Re: Poor performance when joining against inherited tables

From: Lucas Madar <madar(at)samsix(dot)com>
To: Robert Haas <robertmhaas(at)gmail(dot)com>
Cc: pgsql-performance(at)postgresql(dot)org
Subject: Re: Poor performance when joining against inherited tables
Date: 2011-05-11 20:47:53
Message-ID: sig.81124526f3.4DCAF5F9.10904@samsix.com
Views: Raw Message | Whole Thread | Download mbox | Resend email
Thread:
Lists: pgsql-performance

On 05/11/2011 09:38 AM, Robert Haas wrote:
>> However, if I disable seqscan (set enable_seqscan=false), I get the
>> following plan:
>>
>> QUERY PLAN
>> ------------
>> Hash Join (cost=10001298843.53..290002337961.71 rows=8643757 width=506)
>> Hash Cond: (f.id = objects.id)
>> -> Append (cost=10000000000.00..290000536334.43 rows=8643757 width=20)
>> -> Seq Scan on item f (cost=10000000000.00..10000000026.30
>> rows=1630 width=20)
>> -> Index Scan using xxx_pkey on itemXX f (cost=0.00..10.60 rows=90
>> width=20)
>> -> Index Scan using yyy_pkey on itemYY f (cost=0.00..25.24
>> rows=266 width=20)
>> -> Index Scan using zzz_pkey on itemZZ f (cost=0.00..9.28 rows=2
>> width=20)
>> ...
>> -> Hash (cost=999347.17..999347.17 rows=3941949 width=490)
>> -> Index Scan using objects_pkey on objects (cost=0.00..999347.17
>> rows=3941949 width=490)
>>
>> This seems like a much more sensible query plan.
> I don't think so. Scanning the index to extract all the rows in a
> table is typically going to be a lot slower than a sequential scan.
>
> A more interesting question is why you're not getting a plan like this:
>
> Nested Loop
> -> Seq Scan on objects
> -> Append
> -> Index Scan using xxx_pkey on itemXX
> -> Index Scan using yyy_pkey on itemYY
> -> Index Scan using zzz_pkey on itemZZ

Compared to the previous query plan (omitted in this e-mail, in which
the planner was scanning all the item tables sequentially), the second
query is much more desirable. It takes about 12 seconds to complete,
versus the other query which I canceled after six hours. However, what
you propose seems to make even more sense.

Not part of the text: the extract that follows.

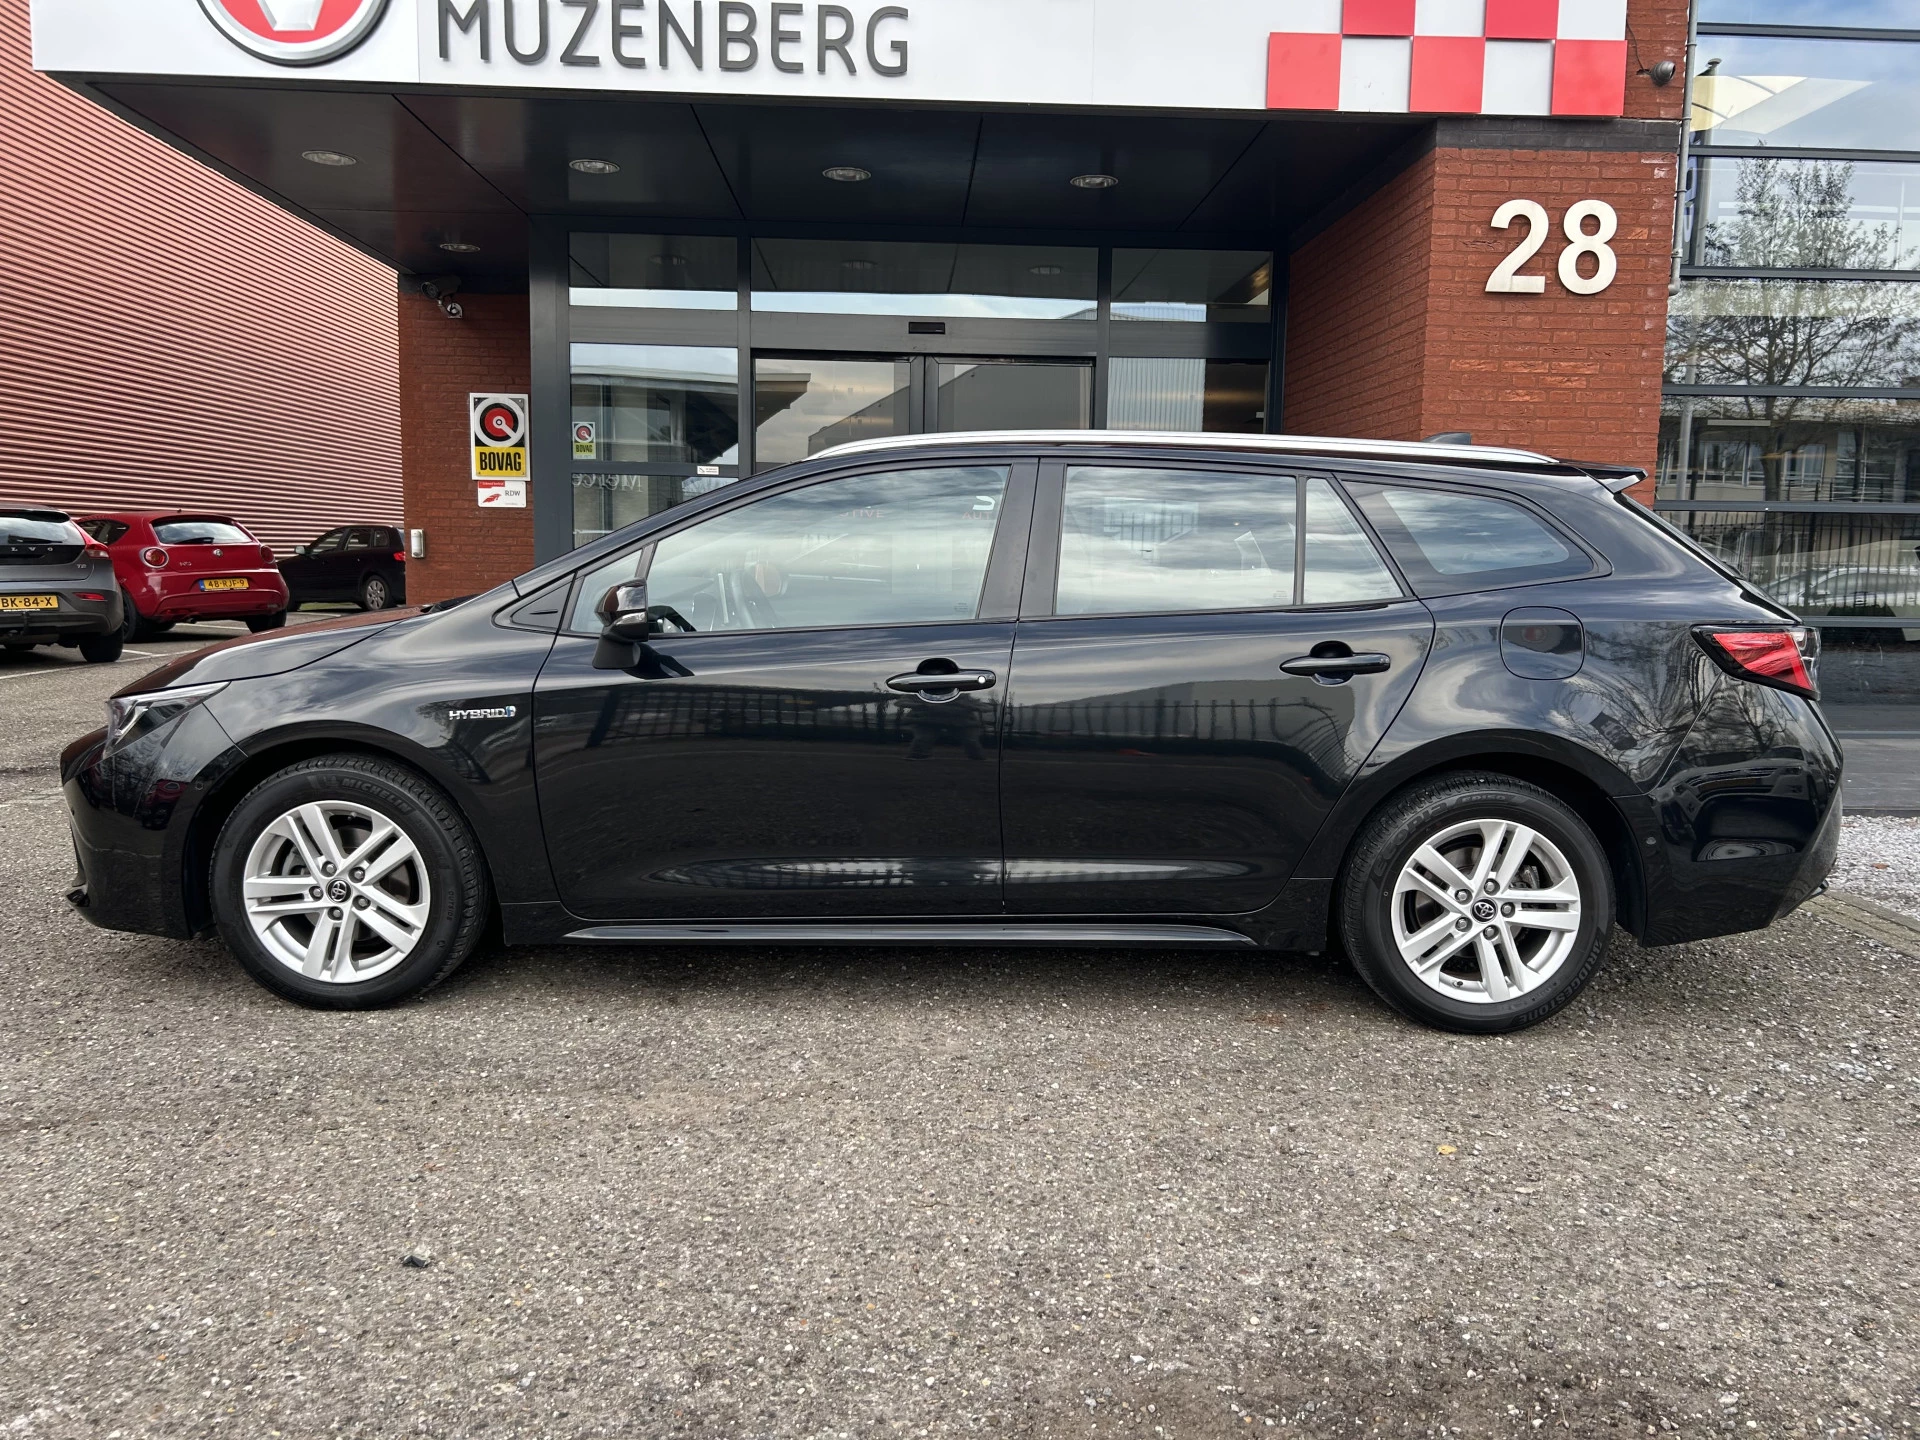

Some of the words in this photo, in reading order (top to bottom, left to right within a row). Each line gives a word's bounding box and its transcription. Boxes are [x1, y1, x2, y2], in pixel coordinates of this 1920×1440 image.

>> But it seems to think doing
>> a sequential scan on the *empty* item table is excessively expensive in this
>> case.
>>
>> Aside from enable_seqscan=false, is there any way I can make the query
>> planner not balk over doing a seqscan on an empty table?
> Why would you care? A sequential scan of an empty table is very fast.
>
My issue is that it looks like it's avoiding the sequential scan:

Seq Scan on item f (cost=10000000000.00..10000000026.30 rows=1630 width=20)

It says the sequential scan has a cost that's way too high, and I'm
presuming that's why it's choosing the extremely slow plan over the much
faster plan. I don't know very much about plans, but I'm assuming the
planner chooses the plan with the lowest cost.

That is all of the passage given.